Michael Lenczner mlenczner at gmail.com
Mer 21 Juin 11:22:35 EDT 2006


update # 2

Hello,

2nd panel was yesterday:

Wireless networks don't just network geographic locations, they
connect individuals to one-another -- allowing unparalleled networking
and multimedia service opportunities. From geolocational applications
to peer-to-peer information dissemination to participatory multi-media
production -- leaders from the field will discuss the social and
economic implications of these new technologies.

Moderator:
Andrew Rasiej, Advisory Board, FON

Speakers:
Paul Bragiel, CEO, Meetro
Michael Lenczner, Co-Founder IleSansFil/WifiDog
Sean Savage, CEO, Placesite
Charles Ribaudo, Co-Founder of Jambo.net


It was a great discussion.  None of us did demo's - it was just
discussion of some of the concepts of location based services, wifi
user experience, etc.  Very well attended - 60+ people - over 1/3 of
the attendes, including Esme Vos (from muniwireless.com and the
organizer of these conferences).

I managed to get in some points about WifiDog *not* being about
empowering individual users, about the importance of showing people
content that they don't necessarily want to see or agree with, and the
difficulty of trying to answer the question "What should the internet
look like from here?".

I talked to the Fon people and the Google guy responsable for the
Mountain View network.  I'm hoping that together we can advance the
current (pretty pitiful) state of location portals.
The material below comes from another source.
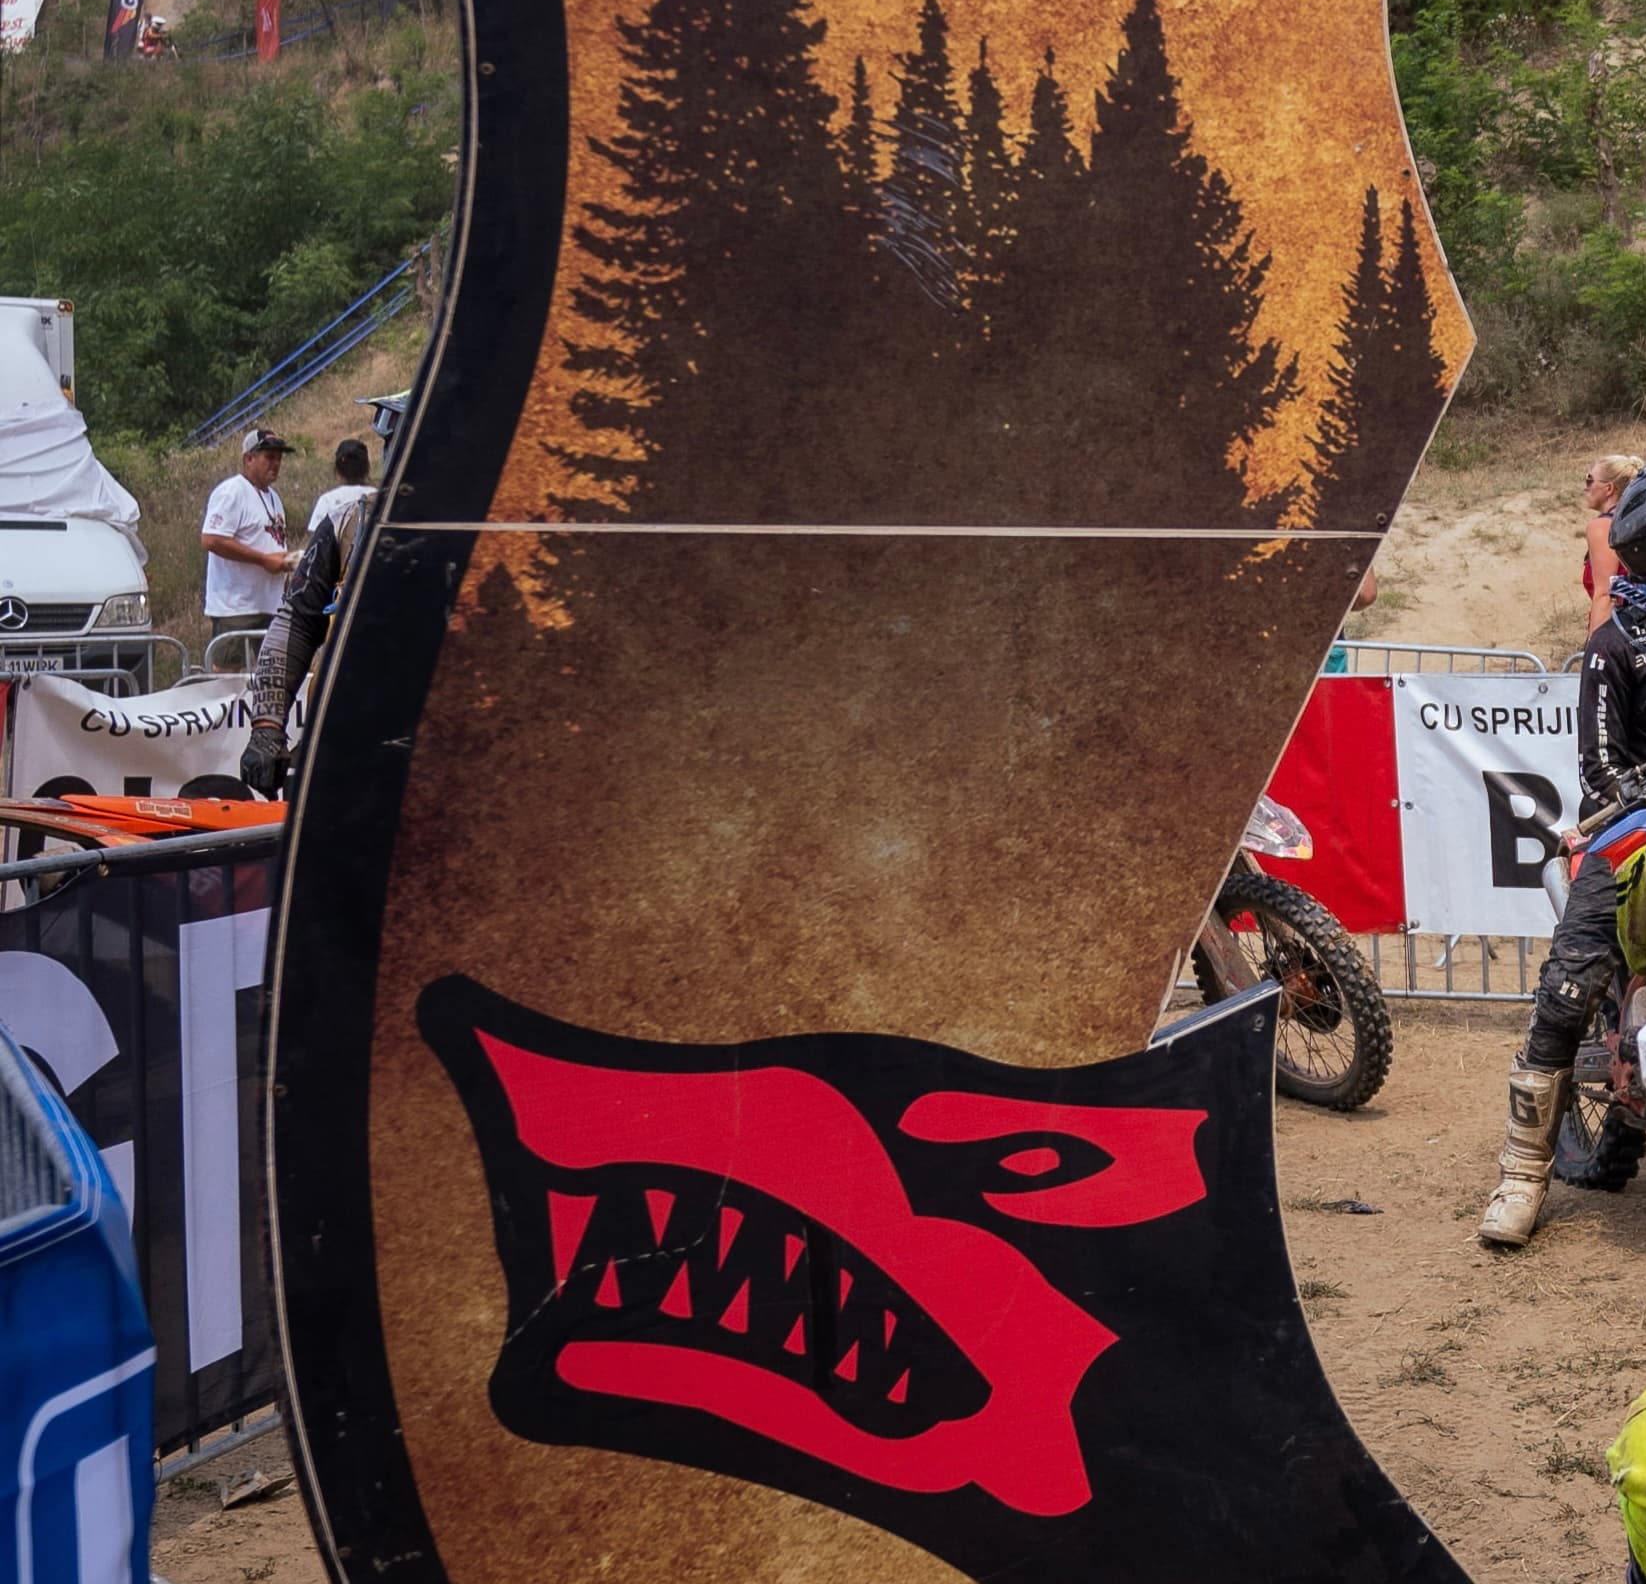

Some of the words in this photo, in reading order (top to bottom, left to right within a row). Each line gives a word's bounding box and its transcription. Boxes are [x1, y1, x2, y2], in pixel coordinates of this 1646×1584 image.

A very interesting this is that 10 people have come up to me over the
last 3 days and said how impressed they were with what we were doing.
But each time they were referring to something different.  In some
cases it was the free wifi aspect.  Other times it was the community
education / intervention that we are working towards.  And twice it
was the importance and appreciation that we were building
*open-source* software to address these issues.

We've also gotten some pushback on captive portals and how they don't
work for devices that don't have webbrowsers.  I've always thought
that ISF could discuss a policy of only blocking port 25 and port 80.
But that would have a bunch of implications.